Asia's Next Top Model (abbreviated as AsNTM) is a reality television show based on the American franchise America's Next Top Model in which a number of aspiring models compete for the title of Asia's Next Top Model and a chance to start their career in the modeling industry. The show features models from the entire Far East region (East Asia, South Asia and Southeast Asia).

Search for contestants
An extensive online search takes place for the selection process. Models of Asian descent or nationality are all allowed to apply, but they must be able to speak and write in English. All applicants are required to be at least 16 and no older than 27 years of age, and at least  tall. Contestants who have previously participated in another Top Model franchise can still apply for the competition as long as they were not the winner, and are not currently under contractual obligations with an agency or endorsing any product or brand.

Format 

Each cycle of Asia's Next Top Model has about 12-13 regular episodes, with a special recap episode which airs near the end of each cycle. Each cycle generally begins with about 14–16 contestants. Contestants are judged weekly on their overall appearance, participation in challenges, and their best photos from that week's photo shoot.

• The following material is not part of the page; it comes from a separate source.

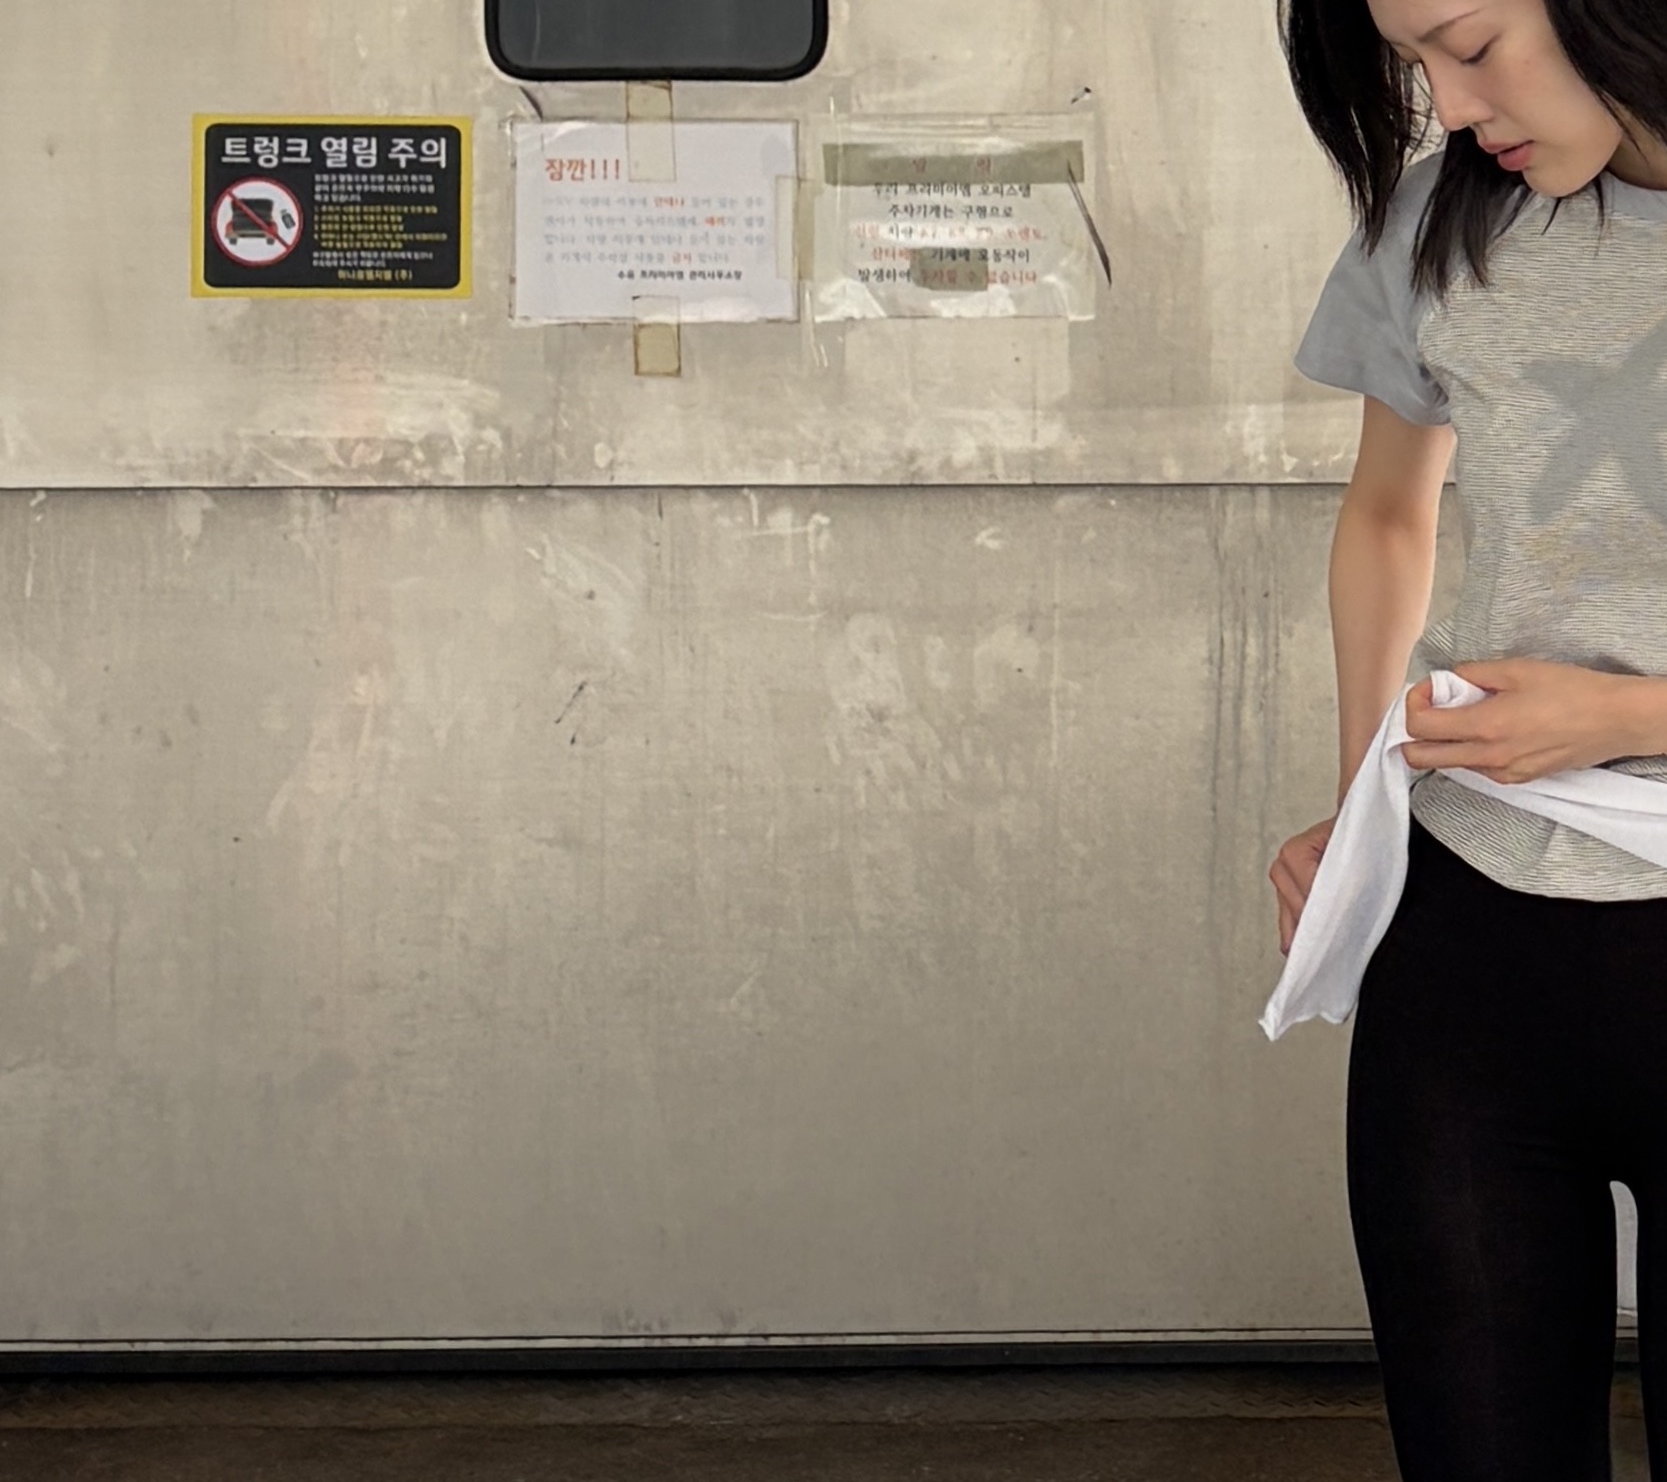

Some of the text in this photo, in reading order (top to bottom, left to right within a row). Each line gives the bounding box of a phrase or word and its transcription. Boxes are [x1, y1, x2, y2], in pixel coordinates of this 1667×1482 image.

[221, 137, 447, 168] 트렁크 열림 주의
[545, 158, 620, 182] 잠깐!!!
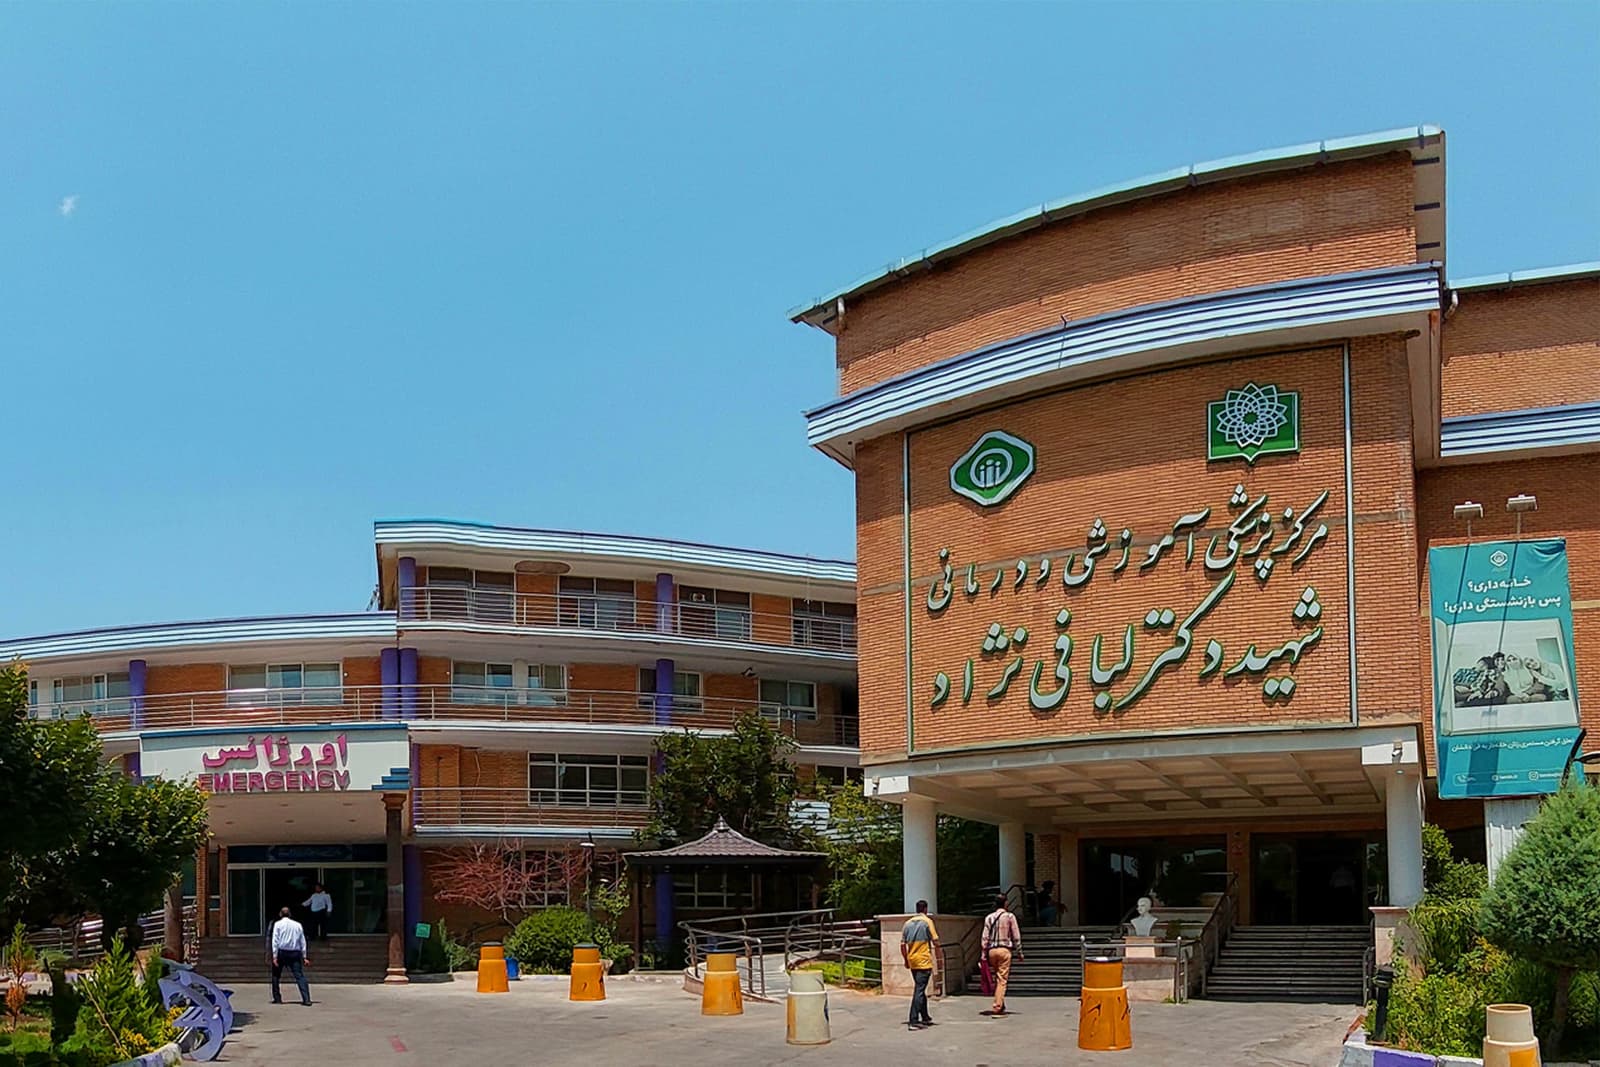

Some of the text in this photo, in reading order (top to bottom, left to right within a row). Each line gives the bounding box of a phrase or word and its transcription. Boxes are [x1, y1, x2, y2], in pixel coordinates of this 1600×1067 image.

Each episode, one contestant is eliminated, though in rare cases a double elimination or non-elimination was given by consensus of the judging panel. Makeovers are given to contestants early in the cycle (usually after the first or second elimination) and a trip to an international destination is sometimes scheduled about two-thirds of the way through the cycle.

In contrast the American version, the contestants receive instruction from a mentor who helps coach them in various aspects of the modelling industry and acts as a general assistant during photo shoots and challenges. Past mentors have included Joey Mead King (cycles 1–3), Kelly Tandiono (cycle 4) and Cara G. McIlroy (cycle 5). Beginning with cycle 4, the show adapted the scoring system introduced in the American version. The scores included the judges' scores of photoshoot and the challenge scores.

Judges 
For the sixth cycle, Cindy Bishop and Yu Tsai returned to the panel as the host and creative consultant of the show, respectively. Cara G. McIlroy did not return for the sixth cycle. Instead, she was replaced by Monika Sta. Maria from cycle 3, Shikin Gomez and Minh Tu Nguyen from cycle 5 as model mentors throughout the sixth cycle. However, they did not participate in the judging panel.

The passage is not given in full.